TO DO: Every picture should be left out, but the lines below must be repeated exactly.

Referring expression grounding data
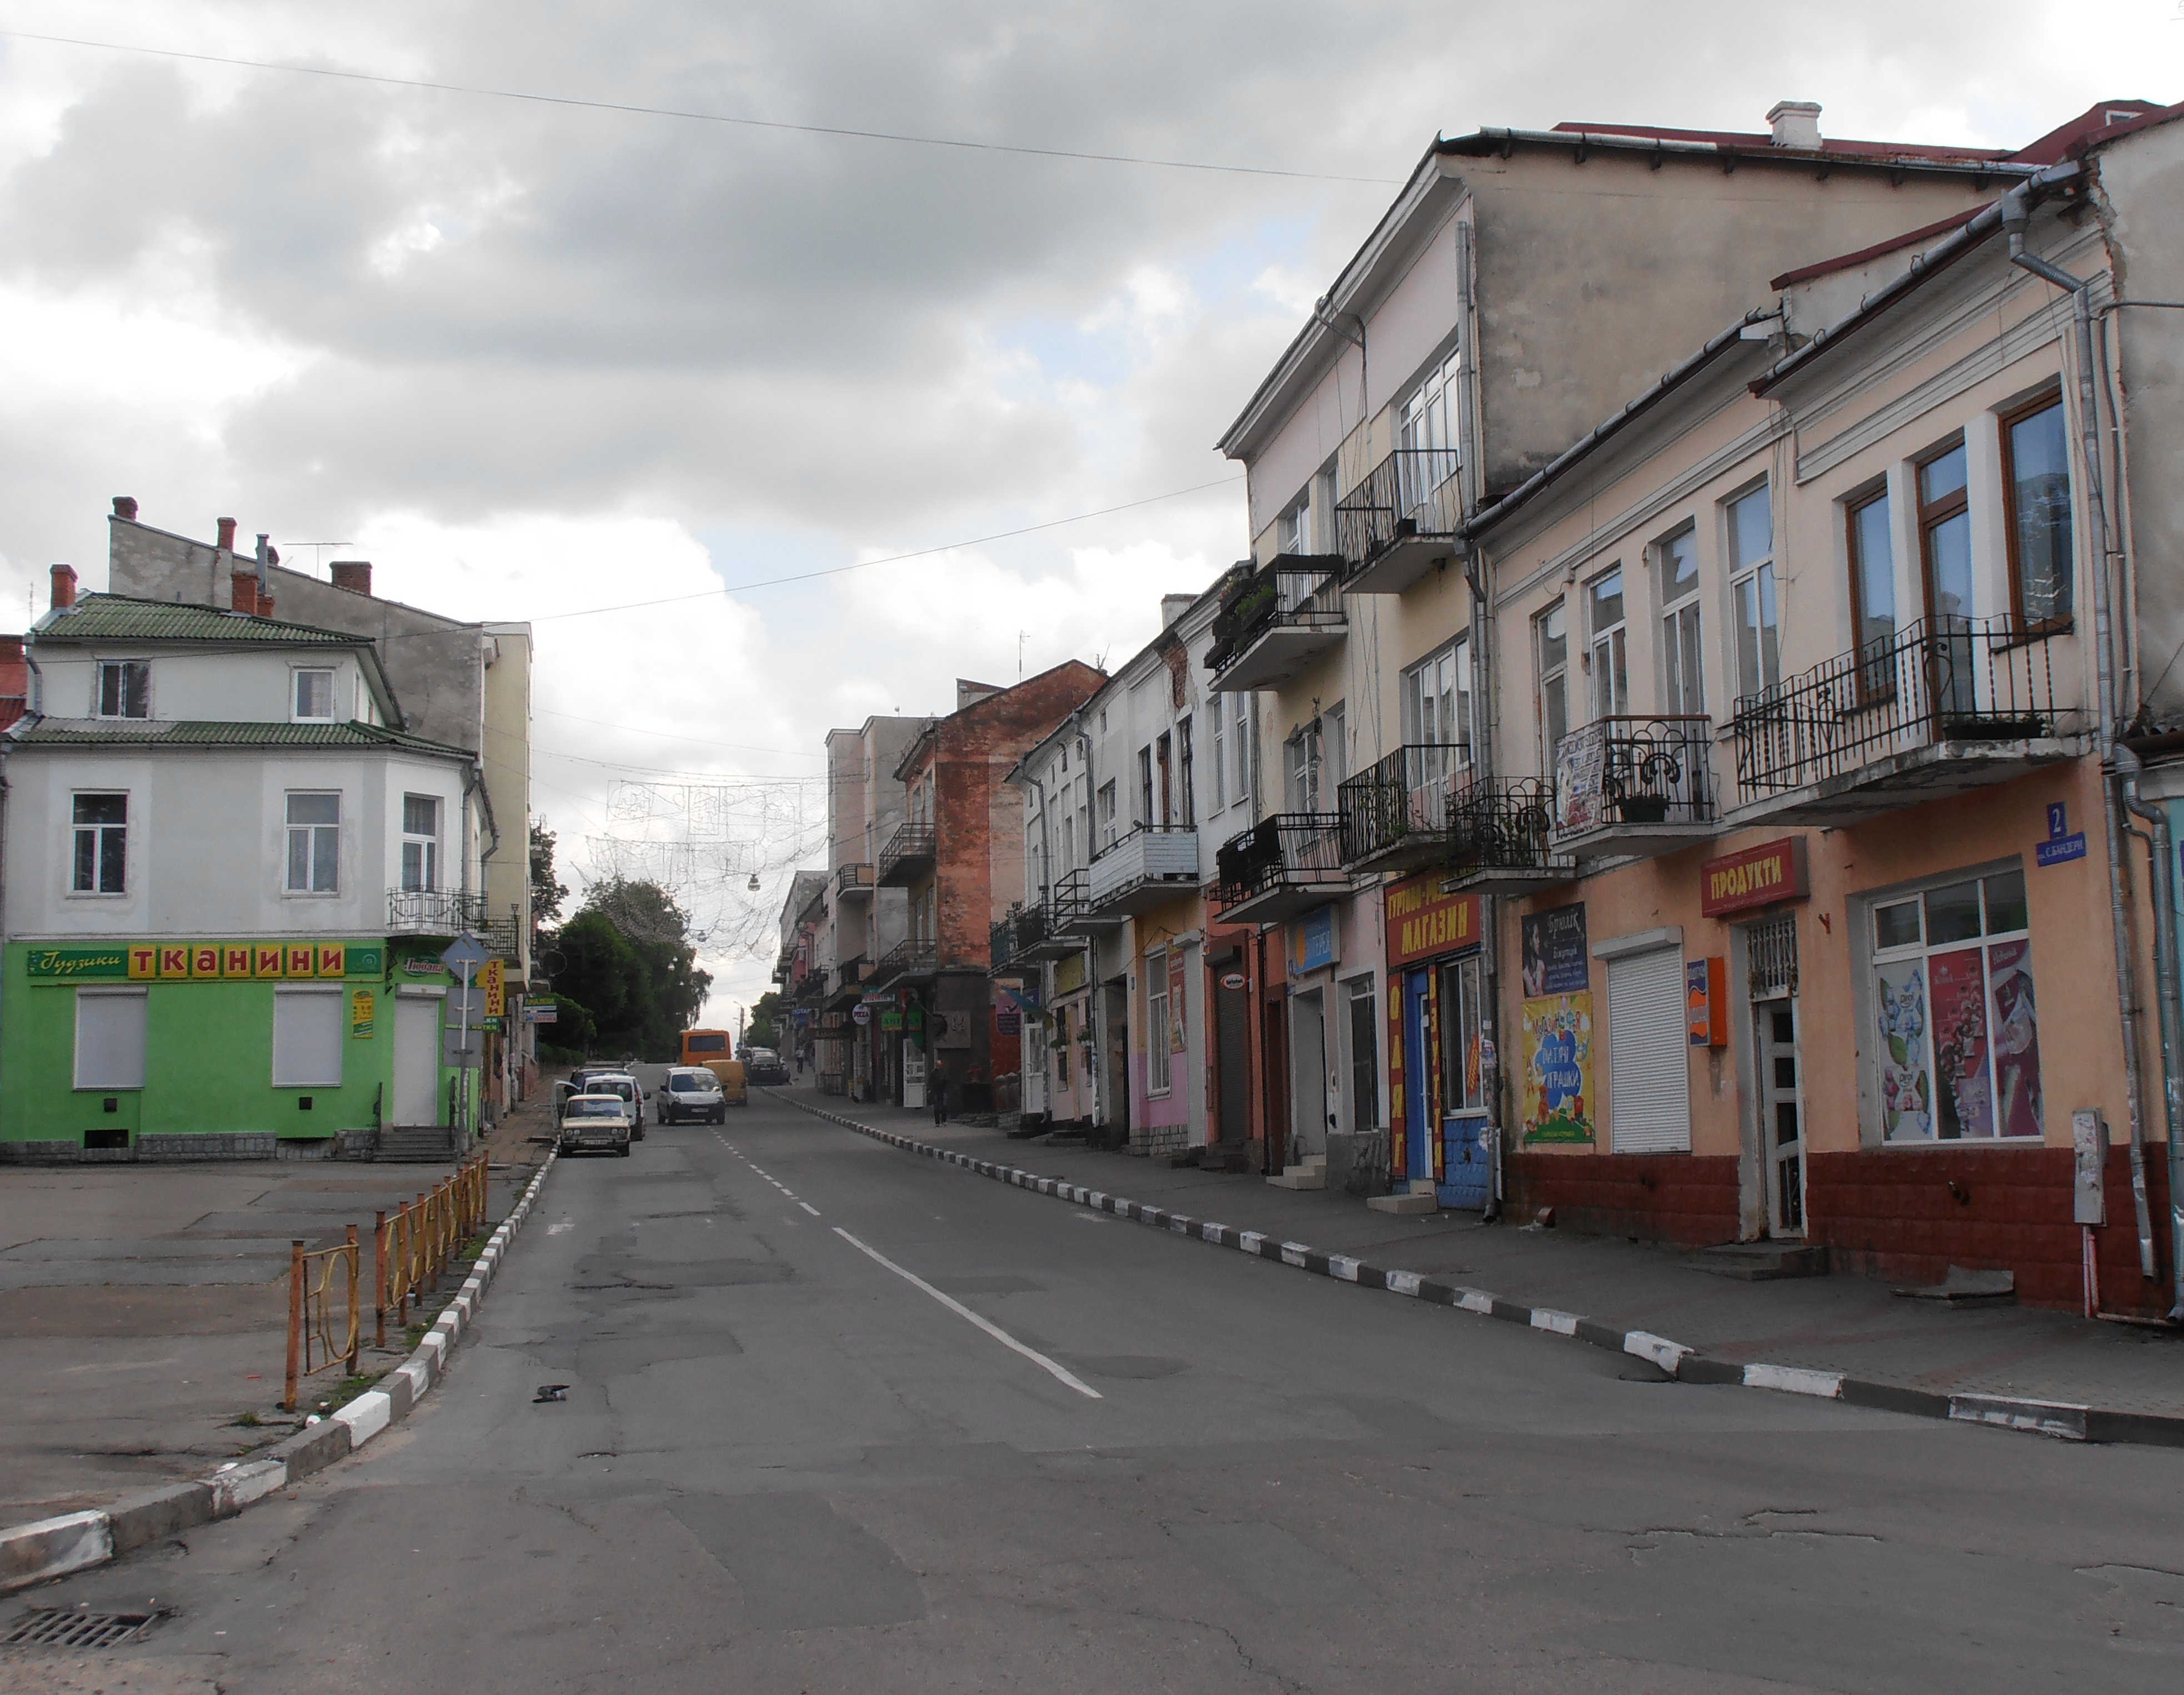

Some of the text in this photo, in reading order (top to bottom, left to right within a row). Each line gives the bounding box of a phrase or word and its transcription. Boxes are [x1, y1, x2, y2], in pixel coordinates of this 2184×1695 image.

[2052, 808, 2061, 833] 2
[1710, 855, 1782, 900] ПРОДУКТИ
[1401, 901, 1467, 955] МАГАЗИН
[404, 957, 444, 972] Любава
[1390, 986, 1404, 1168] ОДЯГ
[1430, 973, 1442, 1168] ВЗУТТЯ

SOLUTION TO THE PROBLEM:
Some of the text in this photo, in reading order (top to bottom, left to right within a row). Each line gives the bounding box of a phrase or word and its transcription. Boxes are [x1, y1, x2, y2], in pixel coordinates of this 2184×1695 image.

[2052, 808, 2061, 833] 2
[1710, 855, 1782, 900] ПРОДУКТИ
[1401, 901, 1467, 955] МАГАЗИН
[404, 957, 444, 972] Любава
[1390, 986, 1404, 1168] ОДЯГ
[1430, 973, 1442, 1168] ВЗУТТЯ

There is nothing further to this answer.